Thor is dead. Jane Foster, dead. Mjolnir, destroyed. Asgard, in flames. The Mangog, sent into the heart of the sun. The gods of Asgard, saved by a mortal who stood in for a god when one was needed, was rejected by those in power, and defied every expectation. As in many things, however, this is not the end of the story.
As effusive as I was about this last arc in The Mighty Thor, I had several people ask if I was upset by the events of this epilogue. Spoilers, but people come back to life in comics all the time. It usually is done attempting to literally resurrect part of the story or return a popular character to the pages. In The Mighty Thor #706, this certainly could have been the path taken. At the gates of Valhalla itself, reserved for those who died in battle and deserved their eternal reward, Jane Foster, resplendent in her raven hair flowing in death, could not cross the threshold. Odin himself came to lead her across, to apologize for his actions and to call her the hero she truly was. She could have stepped into the arms of the Valkyrie and gone on to her rest, but she felt unfinished, not as Thor, but as Jane Foster. She wanted to make the choice to return, but was denied the opportunity.

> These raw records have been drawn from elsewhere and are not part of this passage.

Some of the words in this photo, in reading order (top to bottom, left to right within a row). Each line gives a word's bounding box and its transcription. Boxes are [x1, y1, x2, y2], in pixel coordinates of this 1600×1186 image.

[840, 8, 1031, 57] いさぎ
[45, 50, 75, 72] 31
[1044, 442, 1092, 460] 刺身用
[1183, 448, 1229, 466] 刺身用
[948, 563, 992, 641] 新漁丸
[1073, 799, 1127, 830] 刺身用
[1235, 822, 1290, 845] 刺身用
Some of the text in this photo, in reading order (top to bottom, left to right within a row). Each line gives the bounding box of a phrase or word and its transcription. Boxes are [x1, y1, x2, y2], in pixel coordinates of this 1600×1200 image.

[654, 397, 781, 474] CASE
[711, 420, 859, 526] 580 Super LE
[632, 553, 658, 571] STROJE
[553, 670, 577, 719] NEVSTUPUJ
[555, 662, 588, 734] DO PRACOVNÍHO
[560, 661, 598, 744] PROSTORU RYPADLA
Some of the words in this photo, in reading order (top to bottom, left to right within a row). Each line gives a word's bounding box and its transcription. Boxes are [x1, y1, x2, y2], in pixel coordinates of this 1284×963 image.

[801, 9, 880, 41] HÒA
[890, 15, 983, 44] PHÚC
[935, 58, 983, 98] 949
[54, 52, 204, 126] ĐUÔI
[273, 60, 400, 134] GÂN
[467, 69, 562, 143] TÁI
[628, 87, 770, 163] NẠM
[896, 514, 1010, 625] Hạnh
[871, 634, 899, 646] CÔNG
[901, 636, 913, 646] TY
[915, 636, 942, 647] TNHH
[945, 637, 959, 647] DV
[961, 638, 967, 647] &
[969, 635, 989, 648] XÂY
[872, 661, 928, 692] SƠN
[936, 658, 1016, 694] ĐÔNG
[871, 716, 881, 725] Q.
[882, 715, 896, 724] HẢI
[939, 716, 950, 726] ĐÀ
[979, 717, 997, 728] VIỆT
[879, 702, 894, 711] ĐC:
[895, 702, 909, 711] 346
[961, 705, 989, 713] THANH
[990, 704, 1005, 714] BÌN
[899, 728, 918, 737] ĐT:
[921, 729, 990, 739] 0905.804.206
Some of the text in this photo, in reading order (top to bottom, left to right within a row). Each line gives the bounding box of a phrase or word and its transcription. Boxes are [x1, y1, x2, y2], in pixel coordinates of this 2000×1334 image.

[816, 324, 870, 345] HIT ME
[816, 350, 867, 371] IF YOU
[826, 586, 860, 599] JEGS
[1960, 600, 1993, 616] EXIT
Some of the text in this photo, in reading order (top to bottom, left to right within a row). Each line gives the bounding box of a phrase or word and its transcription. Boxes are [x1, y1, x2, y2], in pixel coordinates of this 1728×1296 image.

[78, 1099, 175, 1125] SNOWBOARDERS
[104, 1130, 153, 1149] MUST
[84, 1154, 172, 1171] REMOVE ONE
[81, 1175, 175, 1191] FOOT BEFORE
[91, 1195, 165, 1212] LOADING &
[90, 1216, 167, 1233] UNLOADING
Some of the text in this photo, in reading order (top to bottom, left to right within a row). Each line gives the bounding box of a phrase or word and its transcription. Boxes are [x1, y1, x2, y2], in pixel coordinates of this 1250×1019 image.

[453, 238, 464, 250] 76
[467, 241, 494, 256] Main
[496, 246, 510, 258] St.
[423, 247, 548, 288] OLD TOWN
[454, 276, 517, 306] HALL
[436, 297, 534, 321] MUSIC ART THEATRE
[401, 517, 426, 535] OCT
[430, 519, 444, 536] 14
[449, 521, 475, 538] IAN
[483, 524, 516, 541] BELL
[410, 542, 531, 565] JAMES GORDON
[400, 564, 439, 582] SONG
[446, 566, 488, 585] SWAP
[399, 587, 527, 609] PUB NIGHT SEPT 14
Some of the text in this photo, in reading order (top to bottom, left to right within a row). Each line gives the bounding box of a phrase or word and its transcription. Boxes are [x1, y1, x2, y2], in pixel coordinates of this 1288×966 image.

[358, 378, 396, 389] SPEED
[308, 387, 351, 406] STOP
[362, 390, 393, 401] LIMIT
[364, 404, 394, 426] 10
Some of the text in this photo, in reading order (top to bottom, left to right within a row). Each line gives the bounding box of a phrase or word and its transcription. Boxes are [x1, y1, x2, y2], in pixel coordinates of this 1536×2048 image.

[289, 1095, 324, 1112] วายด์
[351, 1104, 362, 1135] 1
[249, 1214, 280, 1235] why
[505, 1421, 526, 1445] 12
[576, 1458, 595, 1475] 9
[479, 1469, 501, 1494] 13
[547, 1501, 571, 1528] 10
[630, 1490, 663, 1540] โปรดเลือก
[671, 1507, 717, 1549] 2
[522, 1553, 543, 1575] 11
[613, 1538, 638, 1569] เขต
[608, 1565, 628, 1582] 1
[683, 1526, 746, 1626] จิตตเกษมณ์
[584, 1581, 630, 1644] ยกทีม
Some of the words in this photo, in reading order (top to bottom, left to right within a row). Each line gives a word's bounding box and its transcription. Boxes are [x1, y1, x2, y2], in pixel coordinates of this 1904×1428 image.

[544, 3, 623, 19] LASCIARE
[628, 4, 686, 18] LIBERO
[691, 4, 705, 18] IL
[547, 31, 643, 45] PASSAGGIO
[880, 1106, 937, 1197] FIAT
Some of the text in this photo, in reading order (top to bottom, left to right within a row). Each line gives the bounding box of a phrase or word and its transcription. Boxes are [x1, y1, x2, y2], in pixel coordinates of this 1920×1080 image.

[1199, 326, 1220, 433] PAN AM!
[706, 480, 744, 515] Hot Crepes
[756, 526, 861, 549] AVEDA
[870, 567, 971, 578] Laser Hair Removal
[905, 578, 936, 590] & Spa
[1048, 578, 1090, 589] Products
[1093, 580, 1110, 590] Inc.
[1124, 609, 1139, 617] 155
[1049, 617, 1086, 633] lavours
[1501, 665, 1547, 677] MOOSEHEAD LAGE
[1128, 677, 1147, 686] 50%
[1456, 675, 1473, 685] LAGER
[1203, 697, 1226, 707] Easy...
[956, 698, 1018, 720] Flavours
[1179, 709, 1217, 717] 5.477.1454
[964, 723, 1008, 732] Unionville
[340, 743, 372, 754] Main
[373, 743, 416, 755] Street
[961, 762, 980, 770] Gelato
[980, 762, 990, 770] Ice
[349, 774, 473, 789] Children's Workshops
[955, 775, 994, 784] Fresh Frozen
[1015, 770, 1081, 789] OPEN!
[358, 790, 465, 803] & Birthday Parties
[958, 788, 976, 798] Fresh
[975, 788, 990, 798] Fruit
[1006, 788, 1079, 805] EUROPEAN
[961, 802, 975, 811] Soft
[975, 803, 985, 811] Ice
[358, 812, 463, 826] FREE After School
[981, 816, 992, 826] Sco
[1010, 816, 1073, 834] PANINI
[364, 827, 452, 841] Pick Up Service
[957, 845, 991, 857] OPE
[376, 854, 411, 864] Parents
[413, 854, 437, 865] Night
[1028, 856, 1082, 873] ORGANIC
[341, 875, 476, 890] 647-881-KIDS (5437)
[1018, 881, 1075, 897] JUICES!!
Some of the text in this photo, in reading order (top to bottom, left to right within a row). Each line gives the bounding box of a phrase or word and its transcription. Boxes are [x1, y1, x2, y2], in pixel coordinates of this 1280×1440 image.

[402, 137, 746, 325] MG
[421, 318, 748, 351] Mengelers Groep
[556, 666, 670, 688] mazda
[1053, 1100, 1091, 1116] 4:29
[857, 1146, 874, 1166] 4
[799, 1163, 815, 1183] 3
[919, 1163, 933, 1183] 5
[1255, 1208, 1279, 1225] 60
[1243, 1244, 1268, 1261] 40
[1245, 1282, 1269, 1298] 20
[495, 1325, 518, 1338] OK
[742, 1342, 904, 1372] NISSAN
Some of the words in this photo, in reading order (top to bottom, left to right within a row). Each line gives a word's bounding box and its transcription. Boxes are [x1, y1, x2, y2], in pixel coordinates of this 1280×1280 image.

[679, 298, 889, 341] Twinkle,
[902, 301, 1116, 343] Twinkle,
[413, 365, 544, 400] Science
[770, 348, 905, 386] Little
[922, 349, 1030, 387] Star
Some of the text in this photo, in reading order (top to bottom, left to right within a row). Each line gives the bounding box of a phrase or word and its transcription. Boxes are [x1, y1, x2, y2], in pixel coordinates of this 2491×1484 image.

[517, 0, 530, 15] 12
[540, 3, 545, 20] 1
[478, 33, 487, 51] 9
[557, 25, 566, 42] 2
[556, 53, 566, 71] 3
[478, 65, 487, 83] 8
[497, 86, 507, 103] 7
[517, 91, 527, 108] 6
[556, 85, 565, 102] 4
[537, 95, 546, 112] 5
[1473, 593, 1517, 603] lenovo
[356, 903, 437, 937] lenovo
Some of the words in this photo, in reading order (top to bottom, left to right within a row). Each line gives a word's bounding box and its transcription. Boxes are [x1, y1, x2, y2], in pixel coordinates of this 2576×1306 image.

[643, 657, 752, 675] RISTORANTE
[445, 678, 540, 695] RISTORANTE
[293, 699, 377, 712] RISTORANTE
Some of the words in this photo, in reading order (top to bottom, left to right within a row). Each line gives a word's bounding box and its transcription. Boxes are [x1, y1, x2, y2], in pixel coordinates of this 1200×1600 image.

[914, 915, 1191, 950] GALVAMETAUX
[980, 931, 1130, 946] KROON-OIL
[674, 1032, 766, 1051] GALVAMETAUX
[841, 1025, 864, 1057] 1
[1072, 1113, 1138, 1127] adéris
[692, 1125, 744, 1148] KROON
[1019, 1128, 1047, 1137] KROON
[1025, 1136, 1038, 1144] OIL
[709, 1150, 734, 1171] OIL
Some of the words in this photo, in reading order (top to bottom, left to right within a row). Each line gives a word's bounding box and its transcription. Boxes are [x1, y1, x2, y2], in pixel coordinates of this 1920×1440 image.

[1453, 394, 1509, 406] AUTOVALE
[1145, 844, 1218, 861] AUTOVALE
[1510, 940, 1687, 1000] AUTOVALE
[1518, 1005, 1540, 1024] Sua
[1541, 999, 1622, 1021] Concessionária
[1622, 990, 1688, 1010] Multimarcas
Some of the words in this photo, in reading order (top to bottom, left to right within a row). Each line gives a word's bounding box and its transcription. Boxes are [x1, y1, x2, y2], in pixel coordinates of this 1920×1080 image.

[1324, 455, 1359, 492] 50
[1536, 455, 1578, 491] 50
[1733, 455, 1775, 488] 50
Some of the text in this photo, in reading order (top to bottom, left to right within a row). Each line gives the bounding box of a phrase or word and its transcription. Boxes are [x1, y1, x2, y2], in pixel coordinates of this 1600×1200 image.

Thor, acting impulsively as always, attempts to use the Mother Storm, the remnants of the power of Mjolnir to bring Jane back from the dead. If he had succeeded, I think the story of Jane Foster would have fallen into the same category as other comics resurrections. Instead, the Mother Storm is so powerful that it melts his metal arm and fails to bring Jane back — although it does shock her in the afterlife, surprising Odin, who returns to Thor’s side and makes a choice. The Allfather puts aside thousands of years of indifference towards humans and joins his son in bringing Jane back from the dead, allowing her to fulfill her destiny as Jane Foster, the woman who saved the gods.
Perhaps most revealing in this issue is when Jane hands Odinson the only piece of Mjolnir she could find. The pebble of Uru metal is nothing in her hands, but weighs heavily on Odinson. Jane, even without the power of Thor, is still worthy, and perhaps always will be. She returns to a theme that has been circulating since the very first time she stepped up and took hold of Mjolnir: there must always be a Thor. In his glee at being reborn as Thor Odinson and the hopes that he can be worthy, Thor misses one last key moment in this saga. Jane chooses to give up her extraordinary life, heading back to Earth for treatment. Her story is not finished and she now chooses to fight in the way that she can, as Jane Foster. Her Thor died defeating the Mangog, but Jane and her legacy live on.
This is the final issue of The Mighty Thor for writer Jason Aaron and artist Russell Dauterman. In their farewell letters, both speak to the emotional impact that this series has had on them. Dauterman rightfully points out that their work would not have been what it was without colorist Matt Wilson. Together, this team has built a legacy for themselves and for a character who will be truly missed. The bar has been set and the gauntlet laid down. Aaron, Dauterman, and Wilson have truly created a masterpiece. Congratulations.